Floating exchange rates partly solved the problem, but the promotion of the UK as the ideal country for direct foreign investment was the real solution. Add English law and language plus unimpeded access to the EU, and the trading gap ceased to be a worry. But it is a concern now, and will continue to be so until the future EU/UK trading relationship is clarified.
As the governor of the BoE put it, we must rely on the kindness of strangers to cover that large and growing hole. Whatever else, the BoE will have to think about the exchange rate, as no one will hold sterling if they believe it will be devalued, or it is the currency of a declining 1970s style economy, adrift in a world of protectionist blocs.

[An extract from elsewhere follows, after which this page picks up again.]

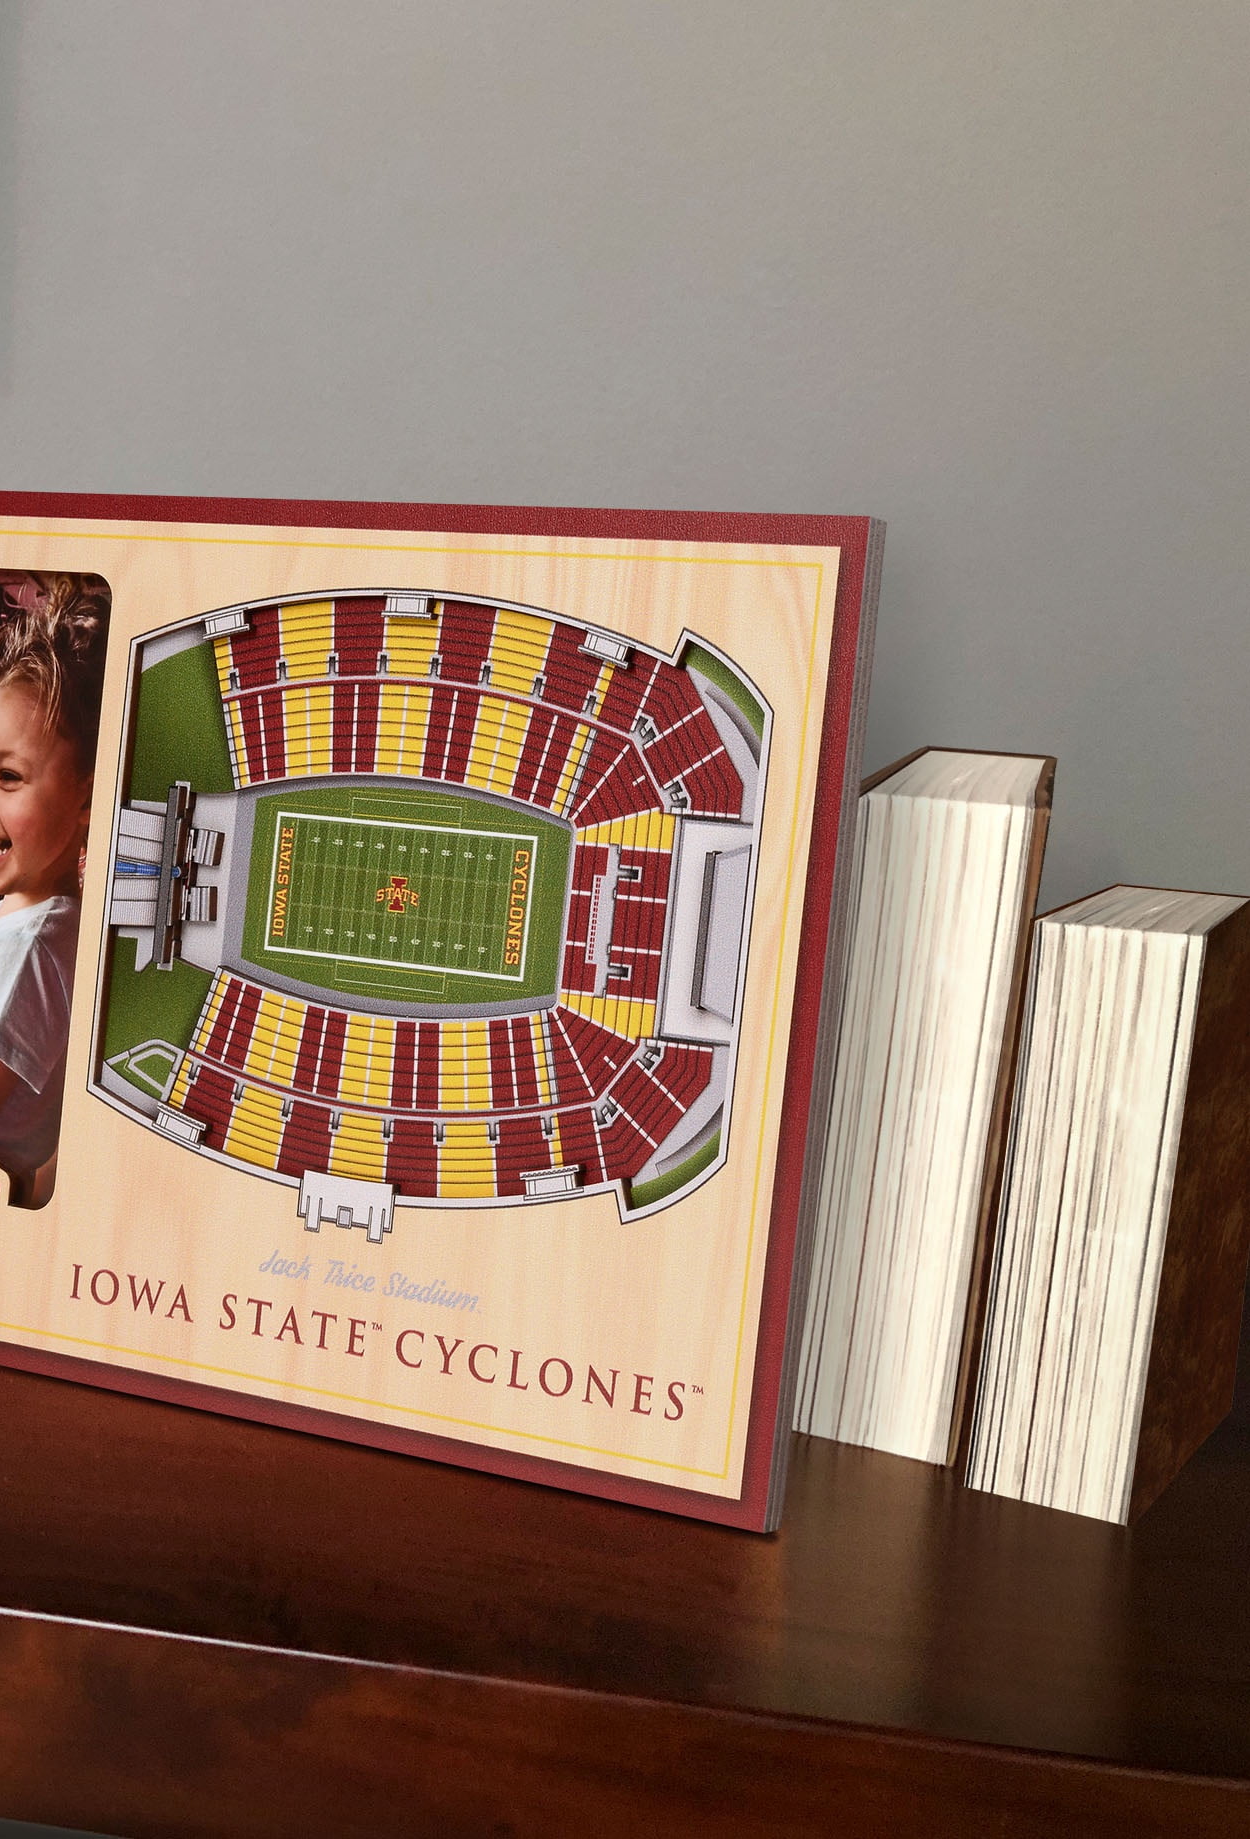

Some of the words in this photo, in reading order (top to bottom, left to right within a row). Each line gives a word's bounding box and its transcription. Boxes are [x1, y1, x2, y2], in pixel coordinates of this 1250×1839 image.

The era of quantitative easing is probably coming to an end, as it has not worked. Even if central banks deny this, politicians cannot avoid the message of elections. But what happens when central banks return to normal behaviour? That is to say money priced to prioritise business opportunities and to encourage savings.
This will require interest rates to return to positive levels, which will take time and cause disruption. Fortunately, the hole in our savings needs has been filled by asset managers reinventing the investment company – that Victorian relic which enabled investors to take great gambles, but at low risk.
New lenders replace banks
Monetary policy requires central banks to supply retail banks with money and for these to lend this on to business. But Britain’s high street banks no longer have the skills or desire to undertake risky lending; they just prefer mortgage lending.
So quantitative easing failed because the central bank’s largesse ended up locked away in retail bank vaults. Others then stepped in to undertake these profitable activities.
Investment companies avoid the difficulties of illiquid assets, and changing asset allocation preferences by their closed-end nature; investors cannot panic out of their property or other fashionable investments. They can only sell investment company shares within the stockmarket. This change of investor demand causes the premiums and discounts shown in Table 1.
RDR and investment trusts
Hard times have benefited investment companies with efficient corporate structures compared with unit trusts and exchange-traded funds.
The number of advisory and wealth management firms using investment companies increased by 33 per cent to 1,638 in the second quarter of 2016. This is a record number of users, and nearly triples the number of firms using investment companies in the last quarter of 2014, just prior to the Retail Distribution Review.